The Sentinels fell and sure enough, my right cannon bleeped a warning: Ammo feed failure. I locked the arm and its weapon to safe mode and fired with the left, cutting down another pair of Sentinels as he moved beyond the effective range of my weapons, leaving me to stay alive, and to watch.
Despair slammed in to me as I watched a lone Sentinel slam his machine to the ground, I knew terror in those moments until a single figure emerged, and blue white lightning spat from their hands. An EMP gun, I smiled, as the prone APU unleashed the last of munitions, destroying the heavy chain that held the massive counterweights in place. If I had died in those moments, I would have died, at peace with who I was, with what I had become: Zion would live, and Zion would fight on without me.
I could only watch, firing at the few straggling, damaged Sentinels as the rest fled back the way they had come, determined to escape the incoming ship. I knew what they feared - they are machines. The Hammer's EMP blast would burn out all of their circuitry. I watched, as the ship crashed through the half open Gate 3, skimming across the dock on ruined hover pads, as she rolled on to her side and came to a halt.
When they fired the EMP, I could only watch as the expanding ring of energy consumed every electrical circuit it touched, including the servos and actuators of my APU, blistered, battered and crippled. It was nothing but multiple tons of dead weight now.
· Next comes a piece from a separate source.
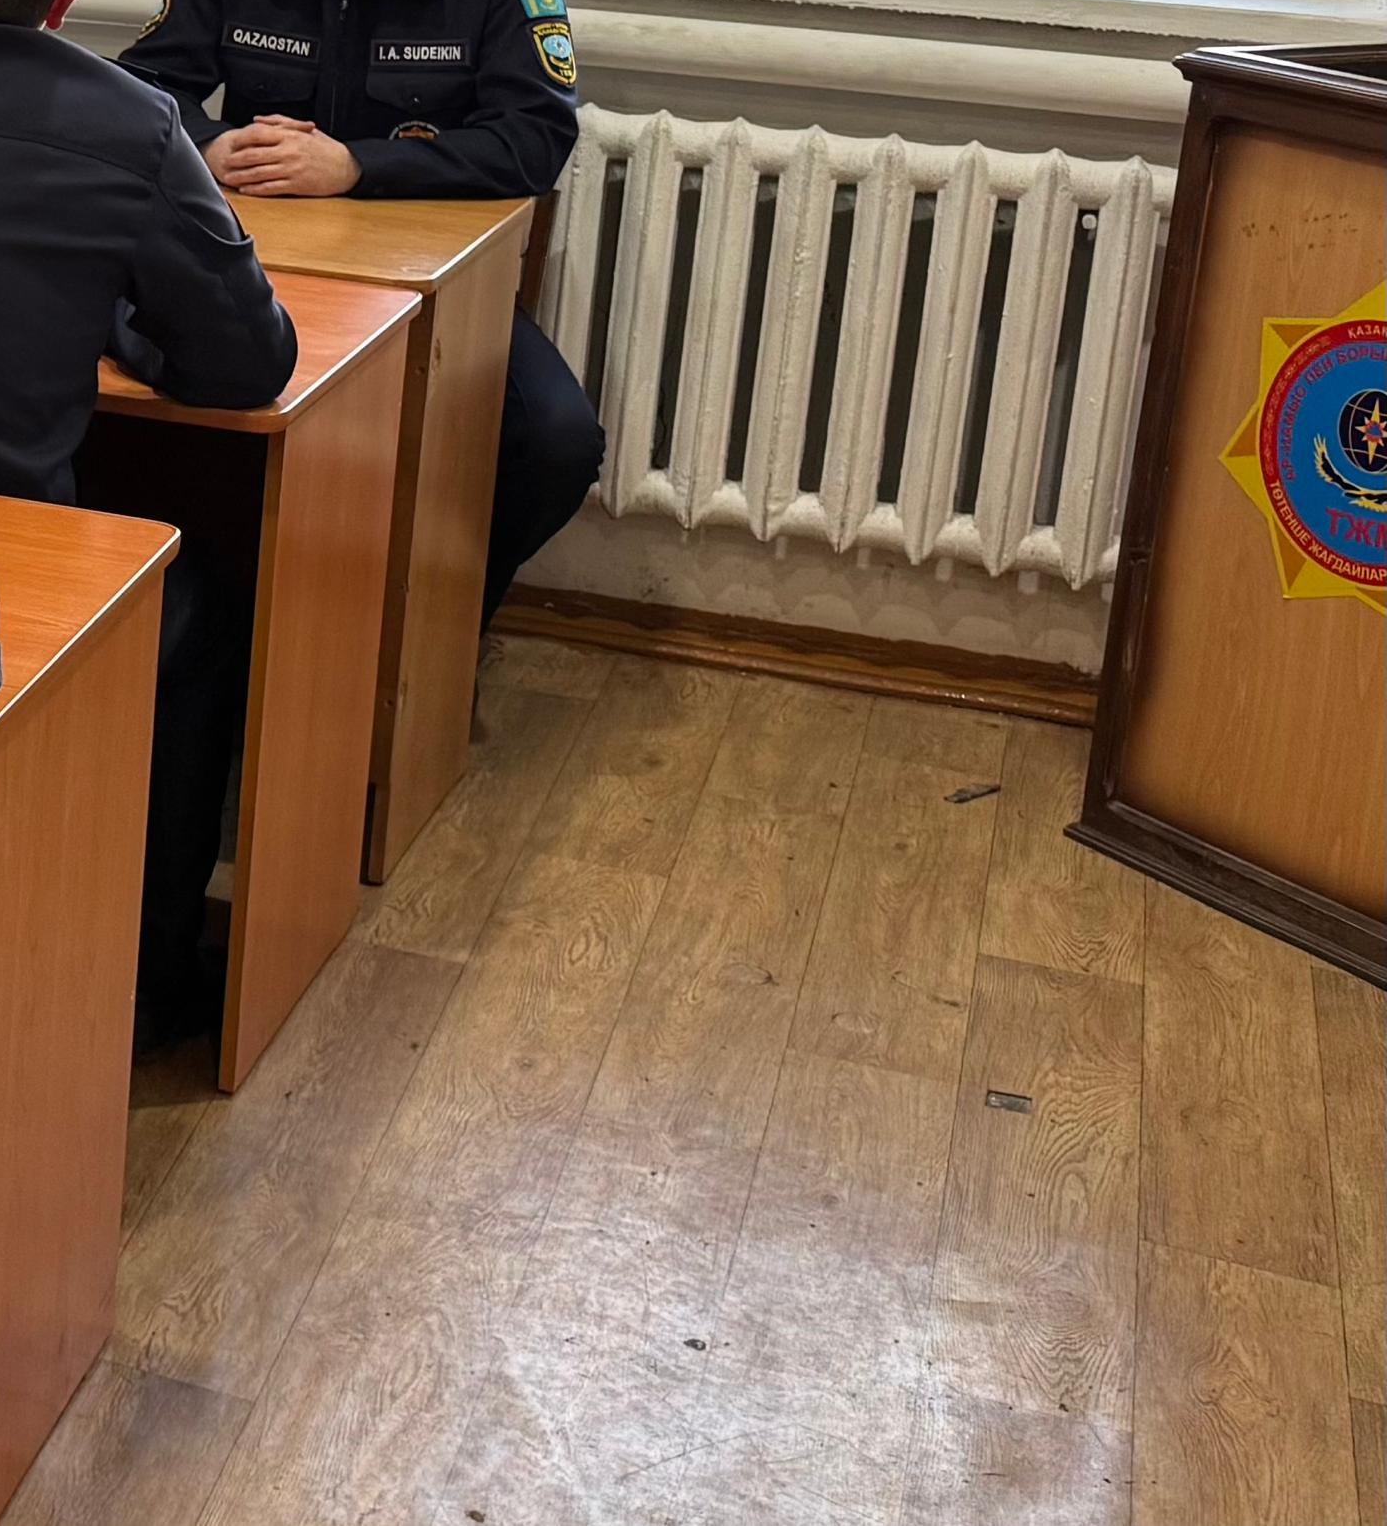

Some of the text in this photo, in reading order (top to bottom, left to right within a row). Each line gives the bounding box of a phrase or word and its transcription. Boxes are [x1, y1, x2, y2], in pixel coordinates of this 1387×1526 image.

[232, 28, 311, 57] QAZAQSTAN
[403, 45, 462, 61] SUDEIKIN
[1269, 478, 1312, 547] ТӨТЕНШЕ
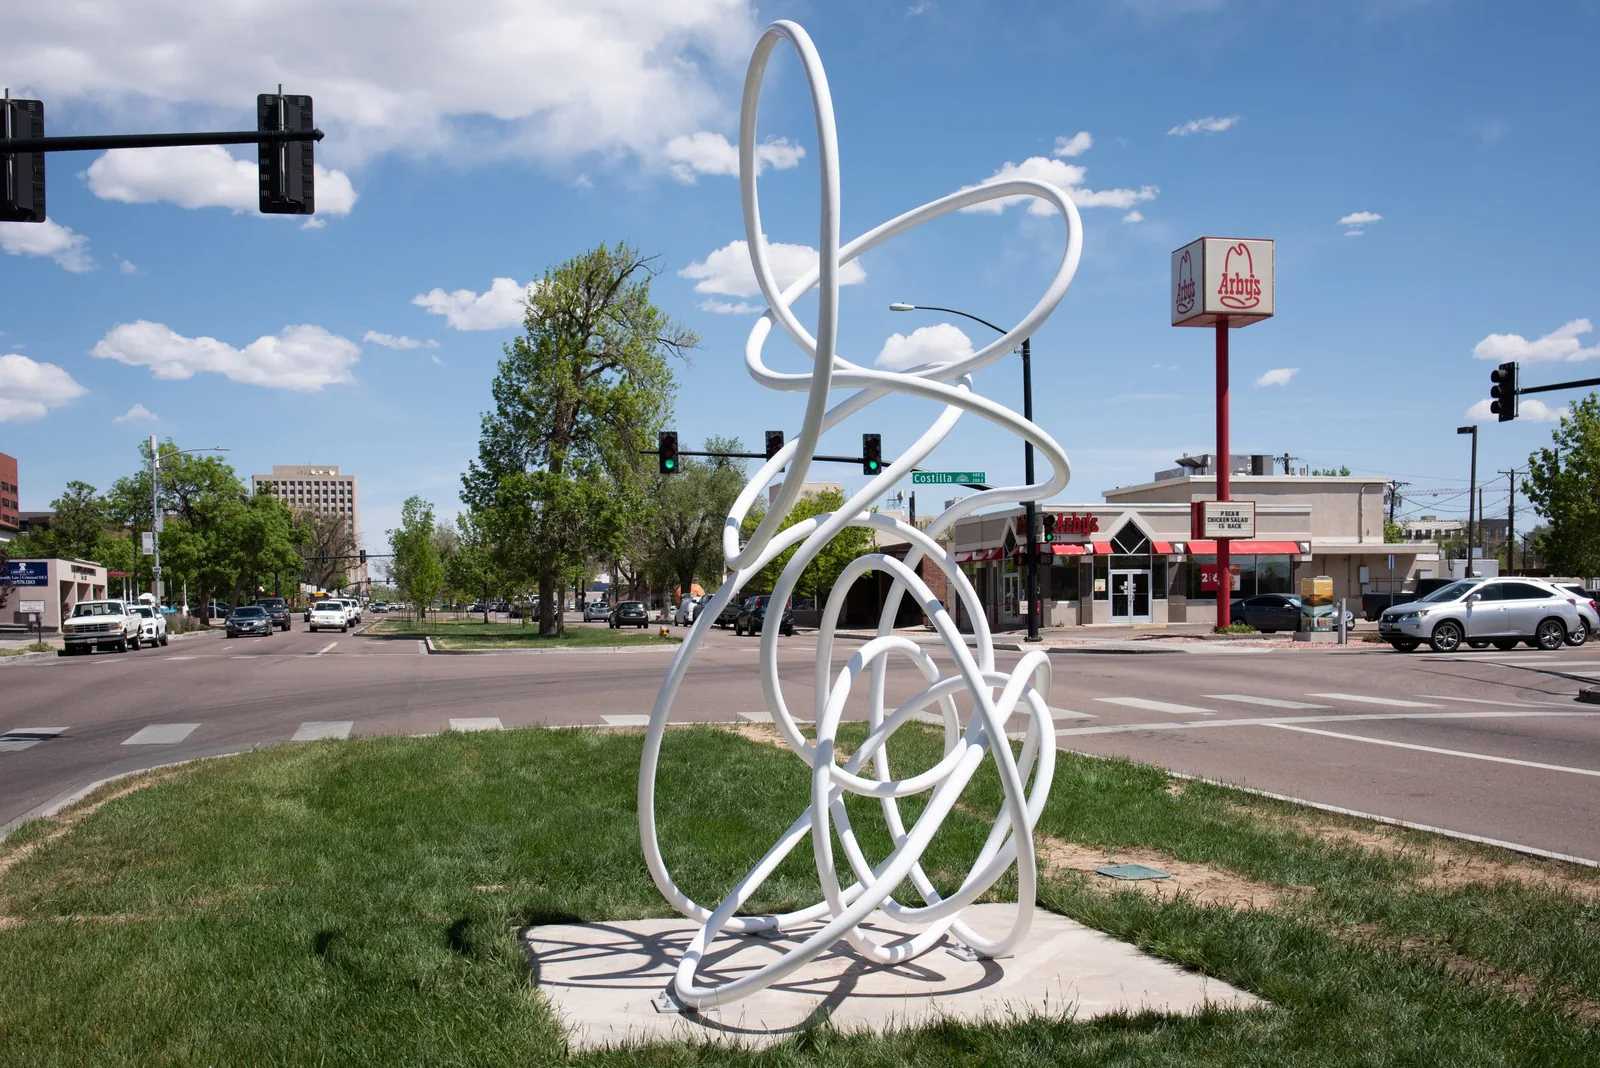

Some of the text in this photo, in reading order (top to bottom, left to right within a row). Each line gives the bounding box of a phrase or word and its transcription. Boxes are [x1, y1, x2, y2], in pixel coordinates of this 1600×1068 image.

I presumed we had won, and we had. Not only won this war against the machines, but also won the greater war. Neo, would fight for us and win. Neo would bring us peace. However, I had no place in the near battle at the gates to our Temple. I was unconscious from blood loss, and pain. No APU pilot left standing after the Battle of the Dock. The thirteen of us that survived are the supposed heroes.
We are not. My brothers in arms, were trained like me, we were baptised as warriors in the fires of war. And even now, I think, we were not ready for what we faced. The fear is still there, of death at the hands of The Machine, or a machine. In the darkness, we sit and stare, in our sleep we relive the chaos and brutality that machine and man visited upon one another.
Some would say we are the lucky ones. We are not. We taste the cordite and sharp bite of propellant, hear the screams of the wounded, smell the dead as they burned. We see the dying when we close our eyes and we feel the hand of death upon our shoulder, every day we awaken from our sleep. He tells us, "Now is not yet your time to die."
We lucky ones, we survivors, live on borrowed time. Time bought for us by our brothers in arms. We are not the lucky ones. The lucky ones, are the warriors that died and are honoured for their sacrifice. Hail the victorious dead.
However, we won, for Zion, for humanity, we won, and then Neo won us peace with the machines: A peace that has lasted these past five years.
I can only pray that it lasts a thousand more.